# HOW TO COMPLETE THIS TASK
Every record must be given again word for word; no picture belongs in the copy.

RECORD EXTRACTS: Begin

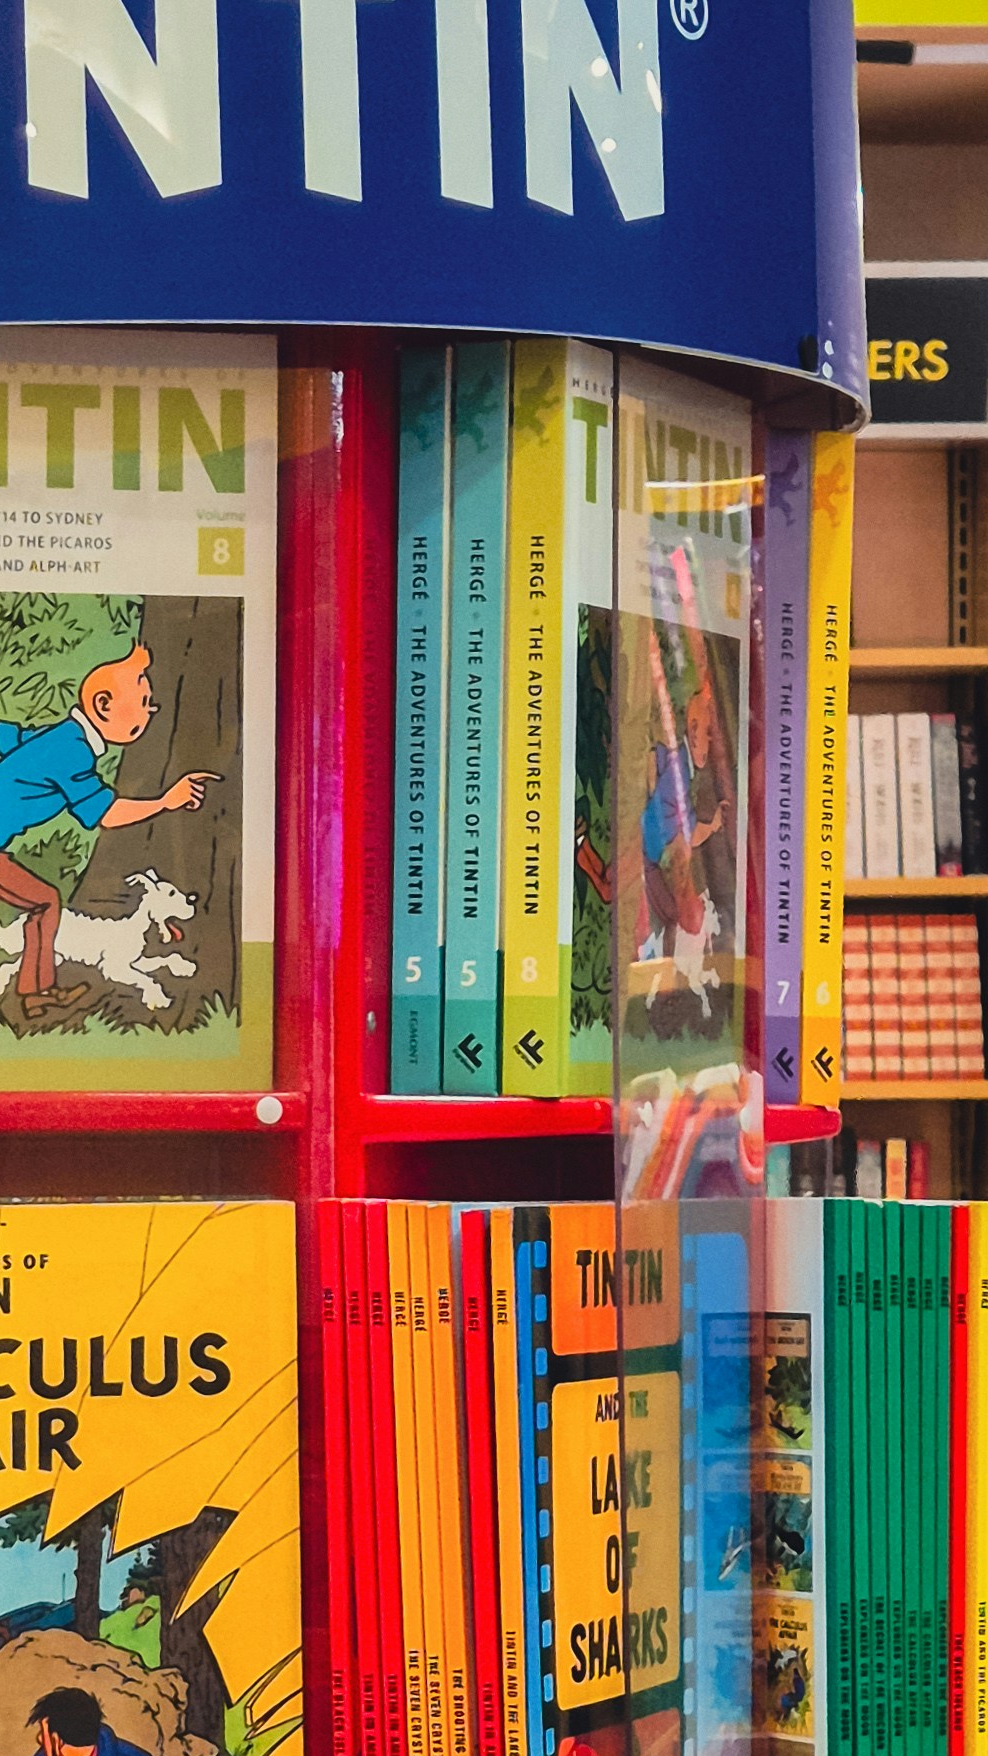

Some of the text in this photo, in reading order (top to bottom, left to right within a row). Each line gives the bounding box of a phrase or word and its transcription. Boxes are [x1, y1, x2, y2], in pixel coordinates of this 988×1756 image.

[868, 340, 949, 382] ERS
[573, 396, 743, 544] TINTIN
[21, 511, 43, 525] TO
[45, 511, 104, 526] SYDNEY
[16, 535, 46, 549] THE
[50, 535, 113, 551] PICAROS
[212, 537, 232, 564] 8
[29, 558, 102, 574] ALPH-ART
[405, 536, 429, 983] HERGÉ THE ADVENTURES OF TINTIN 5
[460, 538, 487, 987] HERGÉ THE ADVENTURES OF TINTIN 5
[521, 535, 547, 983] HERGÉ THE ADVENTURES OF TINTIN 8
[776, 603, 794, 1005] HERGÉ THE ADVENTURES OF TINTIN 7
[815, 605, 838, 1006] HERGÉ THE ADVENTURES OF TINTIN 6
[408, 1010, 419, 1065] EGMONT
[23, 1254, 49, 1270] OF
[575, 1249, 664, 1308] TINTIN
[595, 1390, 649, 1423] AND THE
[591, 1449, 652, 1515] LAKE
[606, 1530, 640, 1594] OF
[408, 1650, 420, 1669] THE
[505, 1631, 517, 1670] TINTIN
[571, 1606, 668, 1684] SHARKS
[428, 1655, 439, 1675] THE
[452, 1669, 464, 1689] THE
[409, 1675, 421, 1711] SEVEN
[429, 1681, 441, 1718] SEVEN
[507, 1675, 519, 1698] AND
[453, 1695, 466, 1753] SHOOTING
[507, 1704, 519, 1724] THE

RECORD EXTRACTS: End

# SOLUTION BELOW
Some of the text in this photo, in reading order (top to bottom, left to right within a row). Each line gives the bounding box of a phrase or word and its transcription. Boxes are [x1, y1, x2, y2], in pixel coordinates of this 988×1756 image.

[868, 340, 949, 382] ERS
[573, 396, 743, 544] TINTIN
[21, 511, 43, 525] TO
[45, 511, 104, 526] SYDNEY
[16, 535, 46, 549] THE
[50, 535, 113, 551] PICAROS
[212, 537, 232, 564] 8
[29, 558, 102, 574] ALPH-ART
[405, 536, 429, 983] HERGÉ THE ADVENTURES OF TINTIN 5
[460, 538, 487, 987] HERGÉ THE ADVENTURES OF TINTIN 5
[521, 535, 547, 983] HERGÉ THE ADVENTURES OF TINTIN 8
[776, 603, 794, 1005] HERGÉ THE ADVENTURES OF TINTIN 7
[815, 605, 838, 1006] HERGÉ THE ADVENTURES OF TINTIN 6
[408, 1010, 419, 1065] EGMONT
[23, 1254, 49, 1270] OF
[575, 1249, 664, 1308] TINTIN
[595, 1390, 649, 1423] AND THE
[591, 1449, 652, 1515] LAKE
[606, 1530, 640, 1594] OF
[408, 1650, 420, 1669] THE
[505, 1631, 517, 1670] TINTIN
[571, 1606, 668, 1684] SHARKS
[428, 1655, 439, 1675] THE
[452, 1669, 464, 1689] THE
[409, 1675, 421, 1711] SEVEN
[429, 1681, 441, 1718] SEVEN
[507, 1675, 519, 1698] AND
[453, 1695, 466, 1753] SHOOTING
[507, 1704, 519, 1724] THE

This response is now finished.